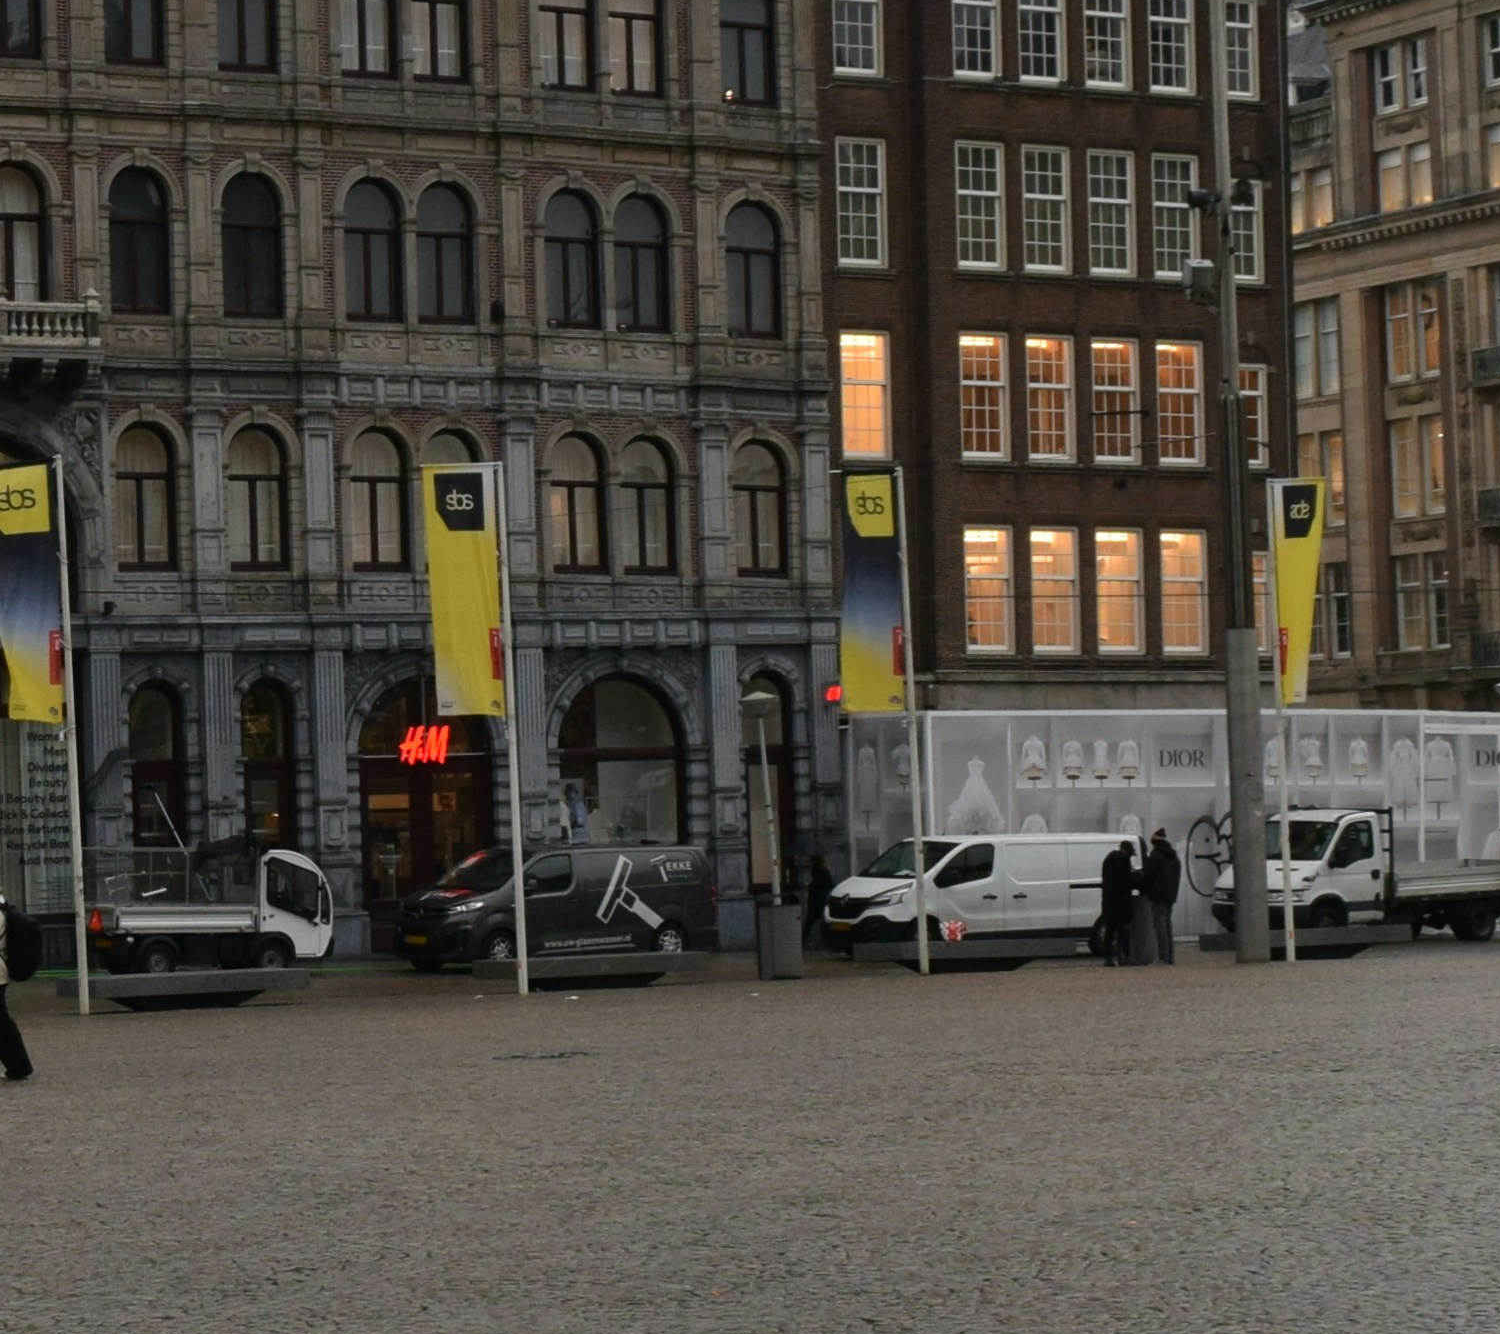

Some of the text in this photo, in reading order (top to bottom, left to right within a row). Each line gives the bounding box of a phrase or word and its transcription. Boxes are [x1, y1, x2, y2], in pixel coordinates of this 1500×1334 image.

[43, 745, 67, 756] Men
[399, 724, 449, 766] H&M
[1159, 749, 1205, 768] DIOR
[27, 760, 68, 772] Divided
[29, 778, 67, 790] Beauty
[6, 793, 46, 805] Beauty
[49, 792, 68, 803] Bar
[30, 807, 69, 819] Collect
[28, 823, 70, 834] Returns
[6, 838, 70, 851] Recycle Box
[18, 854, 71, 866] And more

* **Work task**
Repeat the entries word for word and skip the pictures.

* **Exercise result**
Some of the text in this photo, in reading order (top to bottom, left to right within a row). Each line gives the bounding box of a phrase or word and its transcription. Boxes are [x1, y1, x2, y2], in pixel coordinates of this 1500×1334 image.

[43, 745, 67, 756] Men
[399, 724, 449, 766] H&M
[1159, 749, 1205, 768] DIOR
[27, 760, 68, 772] Divided
[29, 778, 67, 790] Beauty
[6, 793, 46, 805] Beauty
[49, 792, 68, 803] Bar
[30, 807, 69, 819] Collect
[28, 823, 70, 834] Returns
[6, 838, 70, 851] Recycle Box
[18, 854, 71, 866] And more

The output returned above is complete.